Cloud Essentials for RabbitMQ - Concepts
Acknowledgment
A confirmation sent by a consumer to RabbitMQ that a message has been processed.
Binding
A link between an exchange and a queue, defining how messages are routed.
Channel
A lightweight connection multiplexed over a TCP connection for performing operations.
Cloud Essentials
Cloud Essentials aims to provide a vast range of technologies, with a focus on easy deployment and a minimal feature set while offering production-ready stability and scalability.
Connection
A TCP connection between an application and the RabbitMQ broker.
Consumer
An application that receives messages from a RabbitMQ queue.
Durability
A property of queues/exchanges that ensures that they survive broker restarts.
Exchange
An Advanced Message Queuing Protocol (AMQP) 0-9-1 entity that receives messages from producers and routes them to zero or more queues based on rules (bindings).

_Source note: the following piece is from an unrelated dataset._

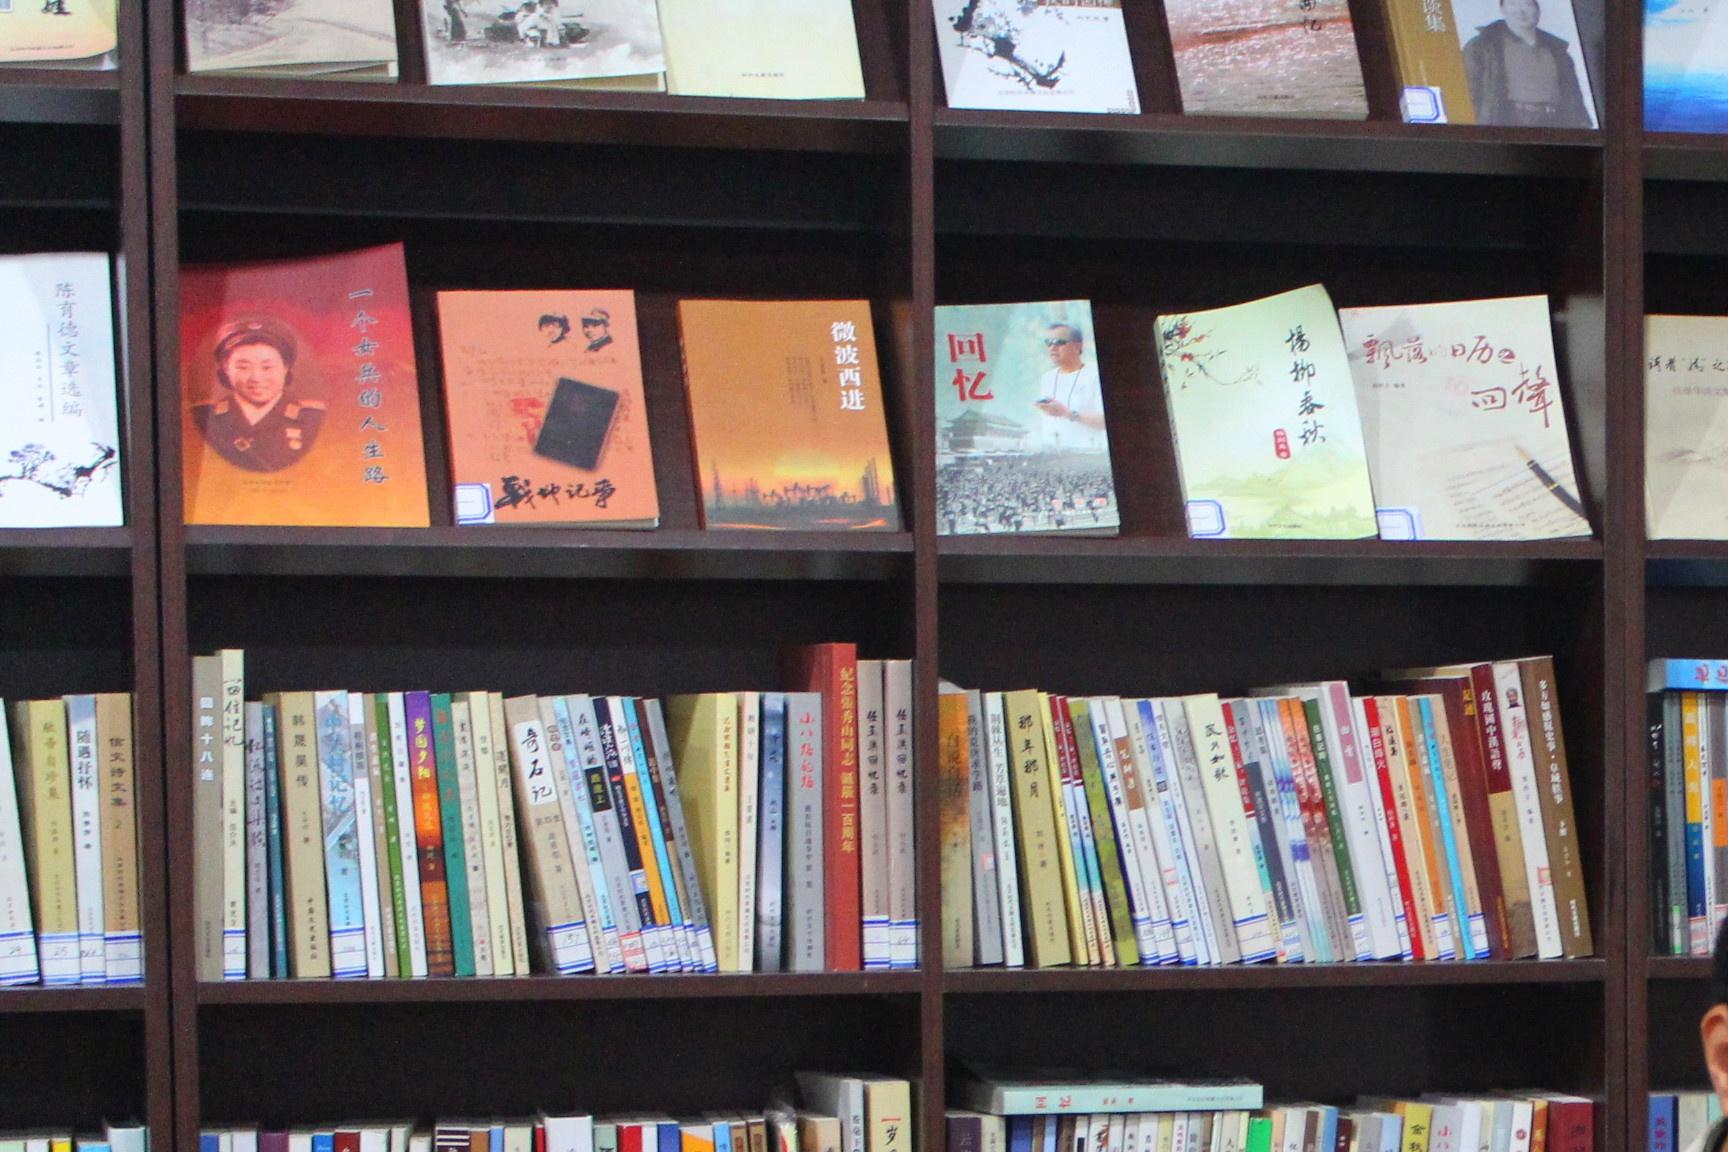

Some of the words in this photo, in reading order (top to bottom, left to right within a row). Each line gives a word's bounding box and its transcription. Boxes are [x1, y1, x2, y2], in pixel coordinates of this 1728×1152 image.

The routing algorithm used depends on the exchange type and the bindings. AMQP 0-9-1 brokers provide four exchange types:
| Exchange type | Default pre-declared names |
|---|---|
| Direct exchange | (empty string) and amq.direct |
| Fanout exchange | amq.fanout |
| Topic exchange | amq.topic |
| Headers exchange | amq.match (and amq.headers in RabbitMQ) |
Besides the exchange type, exchanges are declared with a number of attributes. The most important attributes are:
- Name
- Durability: the exchanges survive broker restarts
- Auto-delete: the exchange is deleted when the last queue is unbound from it
- Arguments: optional, used by plugins and broker-specific features
Exchanges can be durable or transient. Durable exchanges survive broker restarts whereas transient exchanges do not (they have to be re-declared when the broker comes back online). Not all scenarios and use cases require exchanges to be durable.
Message
Data sent by a producer to an exchange, containing a payload and optional metadata.
Payload
In RabbitMQ (and messaging systems in general), a payload refers to the actual data or content of a message that is sent from a producer to a consumer. It is the "body" of the message, distinct from any metadata or headers that might be attached.
Payload example:
{
"order_id": "12345",
"customer_name": "John Doe",
"items": [
{"product_id": "A100", "quantity": 2},
{"product_id": "B200", "quantity": 1}
],
"timestamp": "2026-04-10T12:34:56Z"
}Persistence
A property of messages that ensures they are saved to disk and survive restarts.
Prefetch Count
Limits the number of unacknowledged messages sent to a consumer at once.
Producer
An application that sends messages to a RabbitMQ exchange.
Queue
A buffer that stores messages until they are consumed by an application.
RabbitMQ
RabbitMQ is an enterprise-grade, open‑source message broker that implements the Advanced Message Queuing Protocol (AMQP) to reliably route, queue, and deliver messages between distributed applications, enabling asynchronous communication and service decoupling.
For more details on the AMQP protocol supported by RabbitMQ, see the AMQP 0-9-1 Model Explained document by RabbitMQ.
Routing Key
A key specified by the producer to determine which queue(s) a message should be delivered to.
Virtual Host
A logical grouping of exchanges, queues, and permissions, acting like a mini RabbitMQ server.